Source: Charleston Magazine
Nonprofits across the region suffered symptoms from the COVID shutdown, but according to a report by Together SC and the College of Charleston’s Joseph P. Riley Jr. Center for Livable Communities, arts organizations were hurt the most severely. Survey responses from 566 charitable organizations across the state revealed that while every nonprofit faced pandemic-related hurdles, Lowcountry arts organizations, which bring in $250 million in annual revenue, were hit on every front. They topped the list in terms of loss of overall revenue, loss of earned revenue (i.e. ticket sales), staff layoffs, and loss of foundation funding.
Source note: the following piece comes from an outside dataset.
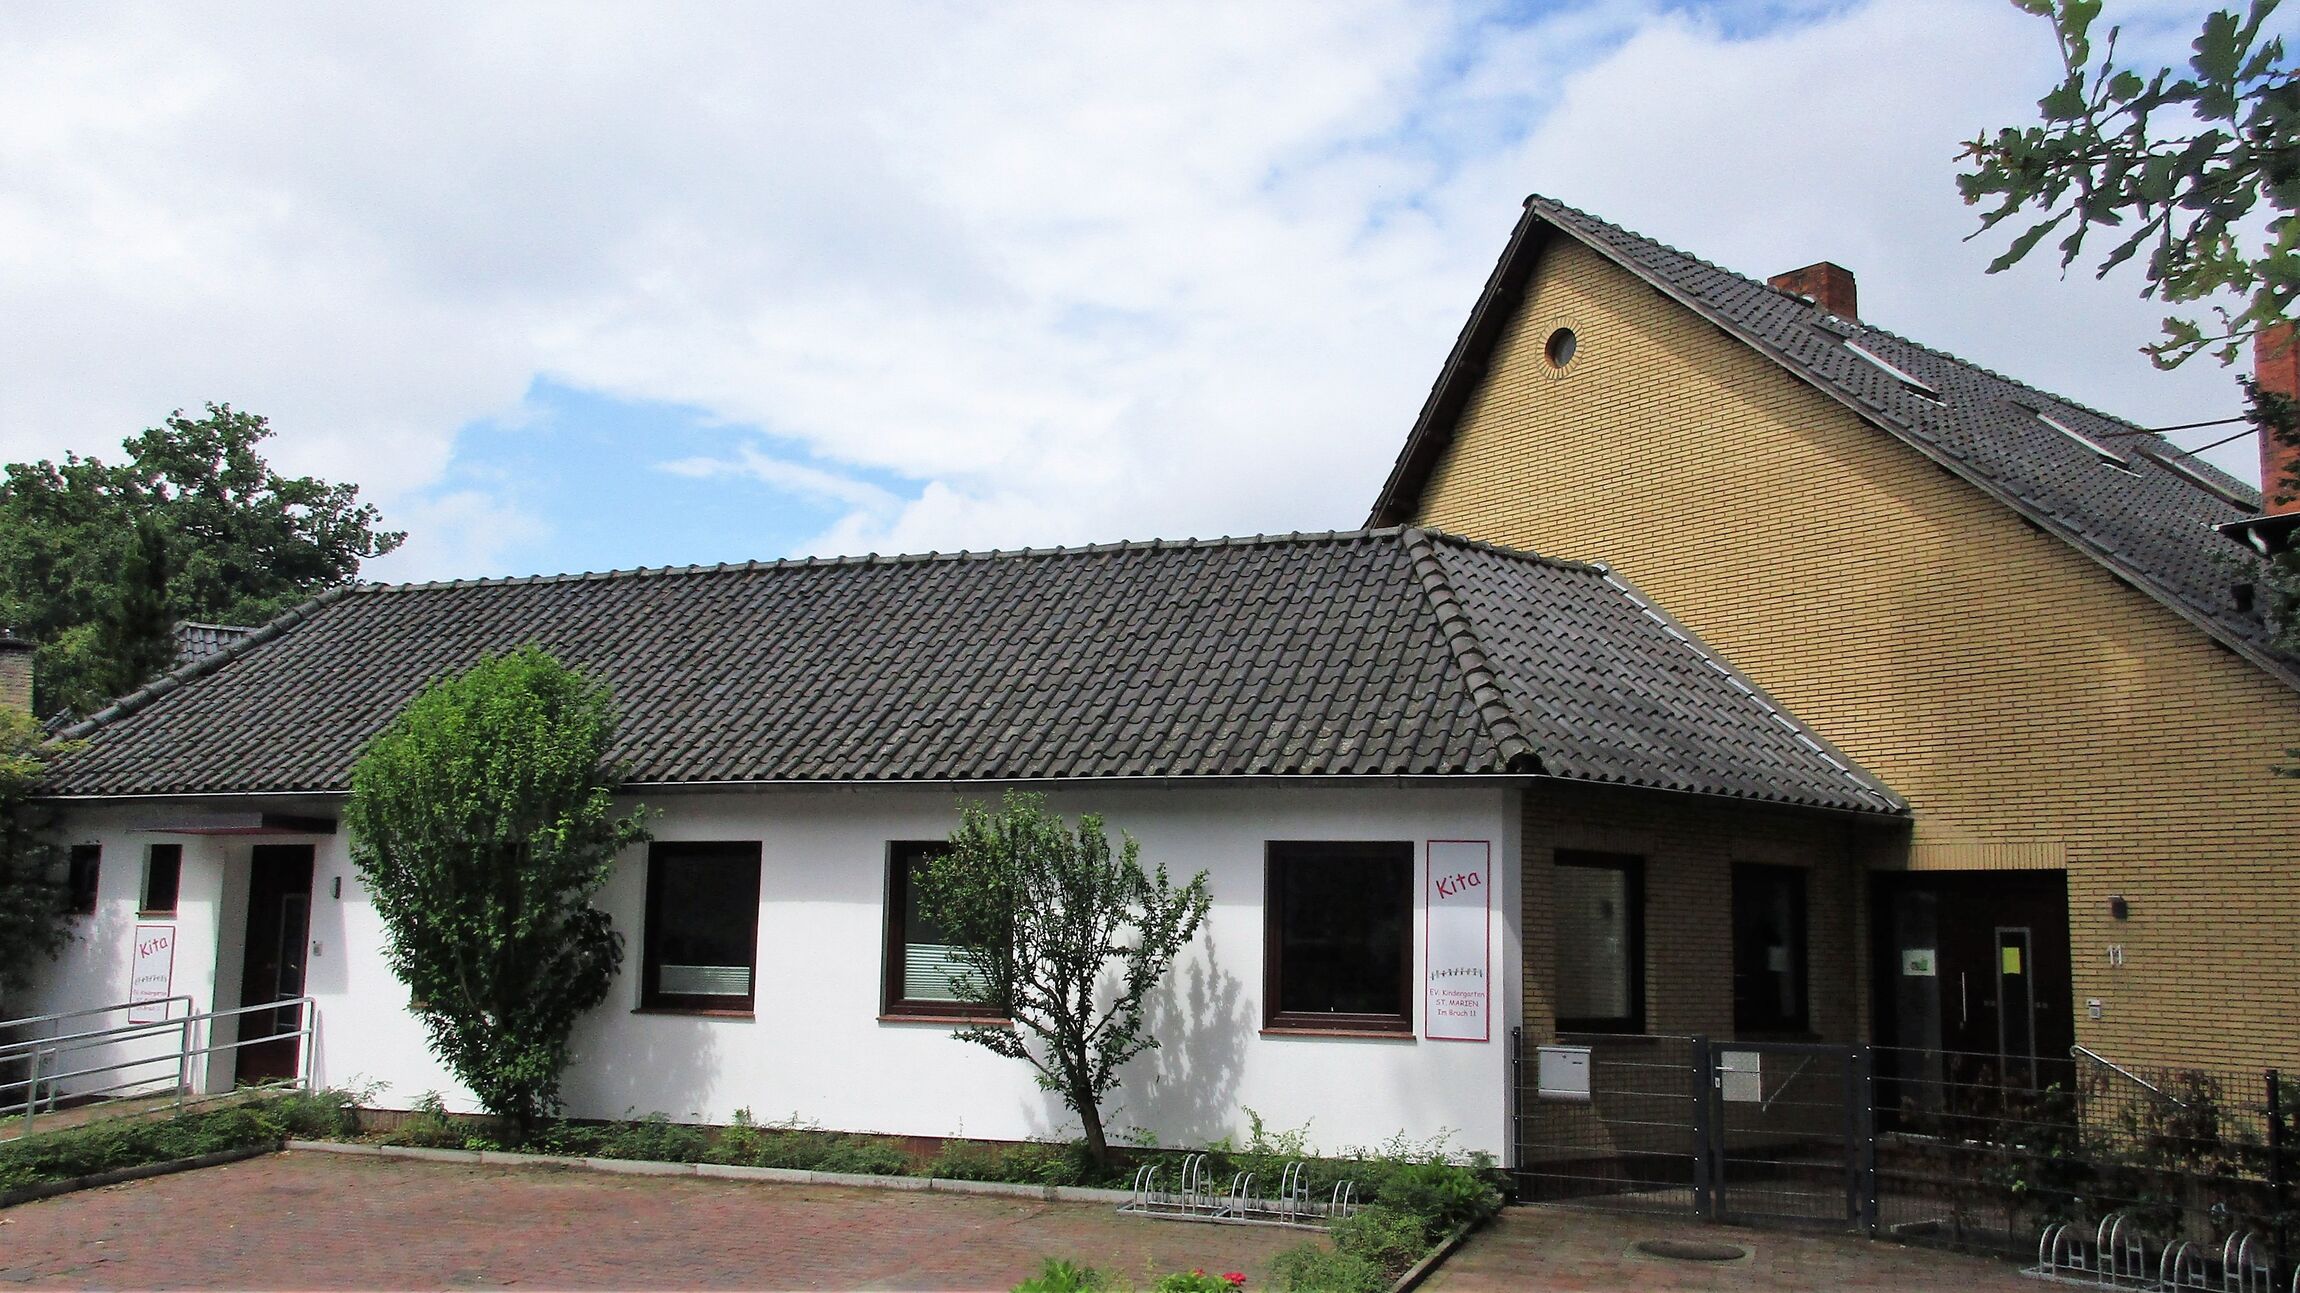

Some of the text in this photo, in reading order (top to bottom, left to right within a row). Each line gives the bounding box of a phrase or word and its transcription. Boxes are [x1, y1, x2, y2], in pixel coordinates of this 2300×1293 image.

[1436, 872, 1481, 899] Kita
[139, 937, 168, 959] Kita
[1443, 990, 1485, 998] Kindergarten
“It was startling to realize our arts organizations are that vulnerable,” says Kerri Forrest (’18), Lowcountry program director for the Gaylord and Dorothy Donnelley Foundation, a leading arts and land conservation funder.
Part of that vulnerability stems from a dearth of arts funders, she notes.
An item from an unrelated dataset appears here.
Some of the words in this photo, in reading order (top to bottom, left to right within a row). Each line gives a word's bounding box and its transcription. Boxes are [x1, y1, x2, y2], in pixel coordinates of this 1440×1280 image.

“Artists are second responders. We’re all going to need the arts to help us process the pandemic and last summer’s social unrest on the back end. So the question becomes, how do we keep these organizations viable between now and then?”
In response, the Donnelley Foundation accelerated their grant funding to some 40 Lowcountry arts organizations in their portfolio and reviewed and streamlined their own internal processes to approve grants more quickly. Additionally, they provided emergency funding to organizations lacking cash reserves (fewer than one-third of Donnelley’s grantees had six months of cash reserves).
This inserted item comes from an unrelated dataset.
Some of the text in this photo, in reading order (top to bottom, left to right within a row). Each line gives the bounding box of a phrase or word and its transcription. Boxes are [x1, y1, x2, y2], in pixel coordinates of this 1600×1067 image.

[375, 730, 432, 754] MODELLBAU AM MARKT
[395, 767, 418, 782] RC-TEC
“They needed breathing room,” says Forrest, who also collaborated with the South Carolina Arts Commission and the SC Arts Alliance to offer organizations strategic planning assistance anticipating best- and worst-case scenarios.
The challenges going forward, particularly with revenue still down, include how to expand audience reach and access after live performances resume, and equally, how to expand public funding for the arts.
While corporate dollars help sustain large organizations like Spoleto Festival USA, smaller arts groups have far fewer funding resources, Forrest points out.
“The arts are a major tourism draw, vital to our cultural and economic livelihood, and our communities. But somehow they’re missing from the funding conversation. How do we get that elevated?”